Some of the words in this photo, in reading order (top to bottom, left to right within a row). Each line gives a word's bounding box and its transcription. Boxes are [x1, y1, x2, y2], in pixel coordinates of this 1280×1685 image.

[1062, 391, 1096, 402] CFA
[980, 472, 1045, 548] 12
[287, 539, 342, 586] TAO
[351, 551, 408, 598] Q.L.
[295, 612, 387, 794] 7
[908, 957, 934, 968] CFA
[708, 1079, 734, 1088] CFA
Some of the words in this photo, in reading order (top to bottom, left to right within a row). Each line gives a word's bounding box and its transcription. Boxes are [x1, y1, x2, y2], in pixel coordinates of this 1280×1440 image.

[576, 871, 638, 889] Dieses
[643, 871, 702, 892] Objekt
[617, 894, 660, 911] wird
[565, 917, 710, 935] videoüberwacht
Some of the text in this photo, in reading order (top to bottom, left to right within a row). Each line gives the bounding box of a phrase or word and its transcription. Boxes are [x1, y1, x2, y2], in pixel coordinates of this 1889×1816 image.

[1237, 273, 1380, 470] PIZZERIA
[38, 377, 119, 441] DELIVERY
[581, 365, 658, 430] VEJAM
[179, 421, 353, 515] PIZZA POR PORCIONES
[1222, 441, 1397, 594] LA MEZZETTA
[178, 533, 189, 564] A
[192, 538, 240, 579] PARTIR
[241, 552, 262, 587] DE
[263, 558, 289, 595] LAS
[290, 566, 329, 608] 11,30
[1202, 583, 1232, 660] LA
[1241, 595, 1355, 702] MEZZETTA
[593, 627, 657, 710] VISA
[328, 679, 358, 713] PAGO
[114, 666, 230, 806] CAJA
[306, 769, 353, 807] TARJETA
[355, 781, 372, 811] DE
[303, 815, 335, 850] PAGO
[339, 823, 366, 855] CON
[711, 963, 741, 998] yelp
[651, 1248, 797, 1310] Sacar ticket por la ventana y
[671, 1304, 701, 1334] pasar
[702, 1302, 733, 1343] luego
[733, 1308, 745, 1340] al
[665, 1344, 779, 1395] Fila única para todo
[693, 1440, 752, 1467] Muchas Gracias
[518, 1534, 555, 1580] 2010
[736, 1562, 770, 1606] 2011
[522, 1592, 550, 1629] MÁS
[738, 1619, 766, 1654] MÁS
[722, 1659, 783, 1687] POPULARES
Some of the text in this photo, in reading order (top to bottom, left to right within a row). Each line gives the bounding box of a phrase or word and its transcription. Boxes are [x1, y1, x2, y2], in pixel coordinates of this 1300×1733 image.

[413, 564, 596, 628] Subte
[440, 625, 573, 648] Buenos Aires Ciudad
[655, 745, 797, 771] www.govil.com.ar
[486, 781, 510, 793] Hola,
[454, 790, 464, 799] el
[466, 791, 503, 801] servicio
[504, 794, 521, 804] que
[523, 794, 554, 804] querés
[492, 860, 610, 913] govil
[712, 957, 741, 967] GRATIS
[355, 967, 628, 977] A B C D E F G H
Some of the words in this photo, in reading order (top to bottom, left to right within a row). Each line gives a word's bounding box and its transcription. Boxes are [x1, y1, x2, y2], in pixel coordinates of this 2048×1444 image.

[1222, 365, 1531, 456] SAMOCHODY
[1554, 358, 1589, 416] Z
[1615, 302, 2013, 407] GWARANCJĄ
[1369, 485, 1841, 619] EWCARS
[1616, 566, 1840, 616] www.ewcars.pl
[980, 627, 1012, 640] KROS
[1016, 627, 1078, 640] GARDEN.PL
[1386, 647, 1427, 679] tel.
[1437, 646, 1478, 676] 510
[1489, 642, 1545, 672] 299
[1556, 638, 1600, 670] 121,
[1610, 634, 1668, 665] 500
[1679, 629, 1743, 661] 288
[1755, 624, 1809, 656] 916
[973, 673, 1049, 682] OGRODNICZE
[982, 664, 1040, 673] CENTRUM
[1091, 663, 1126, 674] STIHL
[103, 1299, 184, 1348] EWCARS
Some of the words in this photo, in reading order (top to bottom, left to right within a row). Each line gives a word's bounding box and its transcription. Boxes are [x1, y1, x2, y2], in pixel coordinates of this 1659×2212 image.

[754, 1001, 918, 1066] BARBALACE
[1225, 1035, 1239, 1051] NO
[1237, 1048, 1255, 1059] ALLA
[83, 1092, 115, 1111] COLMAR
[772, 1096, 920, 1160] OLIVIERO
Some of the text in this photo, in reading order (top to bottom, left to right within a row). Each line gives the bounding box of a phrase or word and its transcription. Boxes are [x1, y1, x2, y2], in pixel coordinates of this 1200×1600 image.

───

THE TASK.
Transcribe the entire listing. Leave every word as it is.

RESPONSE TO THE EXERCISE.
Some of the words in this photo, in reading order (top to bottom, left to right within a row). Each line gives a word's bounding box and its transcription. Boxes are [x1, y1, x2, y2], in pixel coordinates of this 1280×1685 image.

[1062, 391, 1096, 402] CFA
[980, 472, 1045, 548] 12
[287, 539, 342, 586] TAO
[351, 551, 408, 598] Q.L.
[295, 612, 387, 794] 7
[908, 957, 934, 968] CFA
[708, 1079, 734, 1088] CFA
Some of the words in this photo, in reading order (top to bottom, left to right within a row). Each line gives a word's bounding box and its transcription. Boxes are [x1, y1, x2, y2], in pixel coordinates of this 1280×1440 image.

[576, 871, 638, 889] Dieses
[643, 871, 702, 892] Objekt
[617, 894, 660, 911] wird
[565, 917, 710, 935] videoüberwacht
Some of the text in this photo, in reading order (top to bottom, left to right within a row). Each line gives the bounding box of a phrase or word and its transcription. Boxes are [x1, y1, x2, y2], in pixel coordinates of this 1889×1816 image.

[1237, 273, 1380, 470] PIZZERIA
[38, 377, 119, 441] DELIVERY
[581, 365, 658, 430] VEJAM
[179, 421, 353, 515] PIZZA POR PORCIONES
[1222, 441, 1397, 594] LA MEZZETTA
[178, 533, 189, 564] A
[192, 538, 240, 579] PARTIR
[241, 552, 262, 587] DE
[263, 558, 289, 595] LAS
[290, 566, 329, 608] 11,30
[1202, 583, 1232, 660] LA
[1241, 595, 1355, 702] MEZZETTA
[593, 627, 657, 710] VISA
[328, 679, 358, 713] PAGO
[114, 666, 230, 806] CAJA
[306, 769, 353, 807] TARJETA
[355, 781, 372, 811] DE
[303, 815, 335, 850] PAGO
[339, 823, 366, 855] CON
[711, 963, 741, 998] yelp
[651, 1248, 797, 1310] Sacar ticket por la ventana y
[671, 1304, 701, 1334] pasar
[702, 1302, 733, 1343] luego
[733, 1308, 745, 1340] al
[665, 1344, 779, 1395] Fila única para todo
[693, 1440, 752, 1467] Muchas Gracias
[518, 1534, 555, 1580] 2010
[736, 1562, 770, 1606] 2011
[522, 1592, 550, 1629] MÁS
[738, 1619, 766, 1654] MÁS
[722, 1659, 783, 1687] POPULARES
Some of the text in this photo, in reading order (top to bottom, left to right within a row). Each line gives the bounding box of a phrase or word and its transcription. Boxes are [x1, y1, x2, y2], in pixel coordinates of this 1300×1733 image.

[413, 564, 596, 628] Subte
[440, 625, 573, 648] Buenos Aires Ciudad
[655, 745, 797, 771] www.govil.com.ar
[486, 781, 510, 793] Hola,
[454, 790, 464, 799] el
[466, 791, 503, 801] servicio
[504, 794, 521, 804] que
[523, 794, 554, 804] querés
[492, 860, 610, 913] govil
[712, 957, 741, 967] GRATIS
[355, 967, 628, 977] A B C D E F G H
Some of the words in this photo, in reading order (top to bottom, left to right within a row). Each line gives a word's bounding box and its transcription. Boxes are [x1, y1, x2, y2], in pixel coordinates of this 2048×1444 image.

[1222, 365, 1531, 456] SAMOCHODY
[1554, 358, 1589, 416] Z
[1615, 302, 2013, 407] GWARANCJĄ
[1369, 485, 1841, 619] EWCARS
[1616, 566, 1840, 616] www.ewcars.pl
[980, 627, 1012, 640] KROS
[1016, 627, 1078, 640] GARDEN.PL
[1386, 647, 1427, 679] tel.
[1437, 646, 1478, 676] 510
[1489, 642, 1545, 672] 299
[1556, 638, 1600, 670] 121,
[1610, 634, 1668, 665] 500
[1679, 629, 1743, 661] 288
[1755, 624, 1809, 656] 916
[973, 673, 1049, 682] OGRODNICZE
[982, 664, 1040, 673] CENTRUM
[1091, 663, 1126, 674] STIHL
[103, 1299, 184, 1348] EWCARS
Some of the words in this photo, in reading order (top to bottom, left to right within a row). Each line gives a word's bounding box and its transcription. Boxes are [x1, y1, x2, y2], in pixel coordinates of this 1659×2212 image.

[754, 1001, 918, 1066] BARBALACE
[1225, 1035, 1239, 1051] NO
[1237, 1048, 1255, 1059] ALLA
[83, 1092, 115, 1111] COLMAR
[772, 1096, 920, 1160] OLIVIERO
Some of the text in this photo, in reading order (top to bottom, left to right within a row). Each line gives the bounding box of a phrase or word and its transcription. Boxes are [x1, y1, x2, y2], in pixel coordinates of this 1200×1600 image.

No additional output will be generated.